La nouvelle loi sur la laïcité (LLE) proposée le 26 avril 2018 par le Grand Conseil comprend des éléments positifs qui montrent un souci d’équité : des dispositions sur l’accompagnement spirituel égales pour l’ensemble des communautés religieuses, et non pas seulement réservées à quelques-unes parmi elles ; la prise en compte de la nécessité de lutter contre l’analphabétisme religieux dans le cadre de l’instruction publique … Autre élément louable, le texte insiste : « La neutralité religieuse de l’Etat interdit toute discrimination fondée sur les convictions religieuses, ou l’absence de celles-ci, ainsi que toute forme de prosélytisme. Elle garantit un traitement égal de tous les usagers du service public sans distinction d’appartenance religieuse ou non. » (Art.3-2)

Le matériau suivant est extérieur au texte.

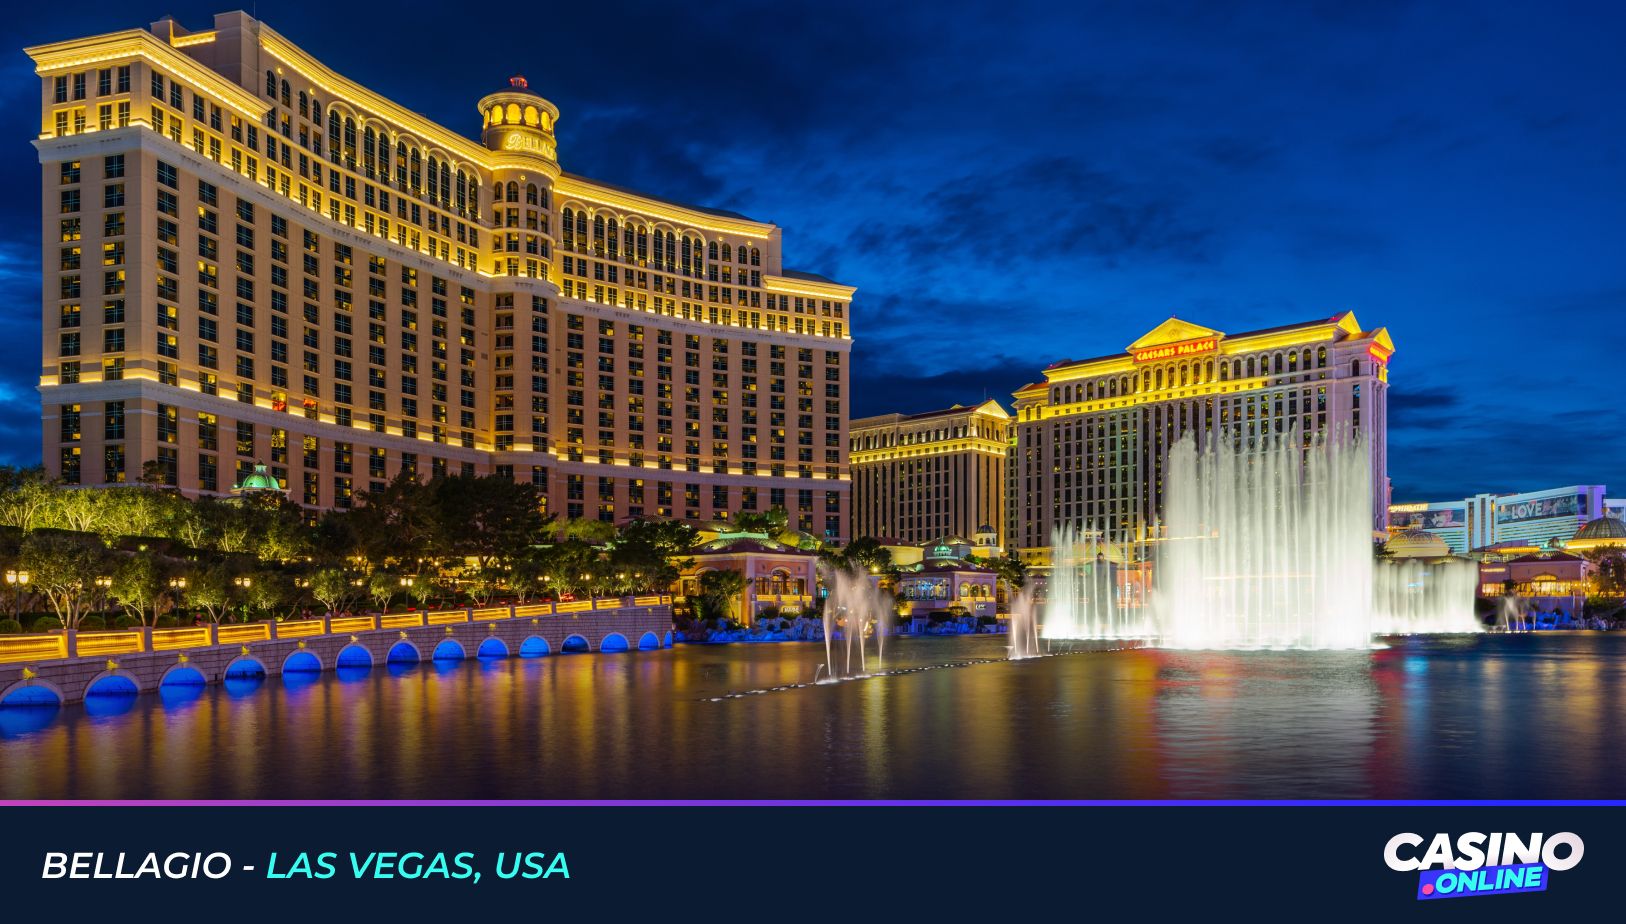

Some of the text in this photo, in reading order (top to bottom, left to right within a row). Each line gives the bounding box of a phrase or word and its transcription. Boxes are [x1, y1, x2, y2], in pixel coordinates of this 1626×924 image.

[1136, 340, 1214, 361] CAESARS PALACE
[1511, 502, 1543, 520] LOVE

Ce traitement égal ne devrait-il pas signifier que chacun demeure libre d’occuper l’espace public selon ses convictions ? Or, les alinéas qui suivent visent clairement à réduire cette liberté fondamentale, au nom d’une neutralité que l’on veut imposer aux individus en remettant en cause leurs convictions intimes et personnelles, quand en réalité, cette neutralité ne devrait être prise en compte que dans l’exercice inhérent à leur fonction : on demandera ainsi logiquement à un(e) élu(e) d’éviter de se servir de sa tribune municipale pour donner des prêches, mais au nom de quel droit l’empêcherait-on de pratiquer publiquement sa foi ? Dans une société libre, nous ne devrions jamais être tenus d’uniformiser nos apparences, ni de décréter arbitrairement que l’une pose problème, pour autant que l’on veuille bien admettre que la neutralité du fonctionnaire est exigible au niveau de son action, pas de son apparence. Il y a là une intrusion dans la sphère protégée des libertés individuelles et une confusion que favorise actuellement une islamophobie diffuse. Trois alinéas suivent qui visent ainsi à interdire les signes extérieurs signalant une appartenance religieuse non seulement aux fonctionnaires de l’Etat, mais aussi aux membres élus du Grand Conseil et des Conseils municipaux ! Dans une saine démocratie, une élue devrait avoir le droit de siéger en assemblée comme elle s’est présentée à ses électeurs ! Aux Etats-Unis, au Canada et dans bien d’autres pays, cela semble évident !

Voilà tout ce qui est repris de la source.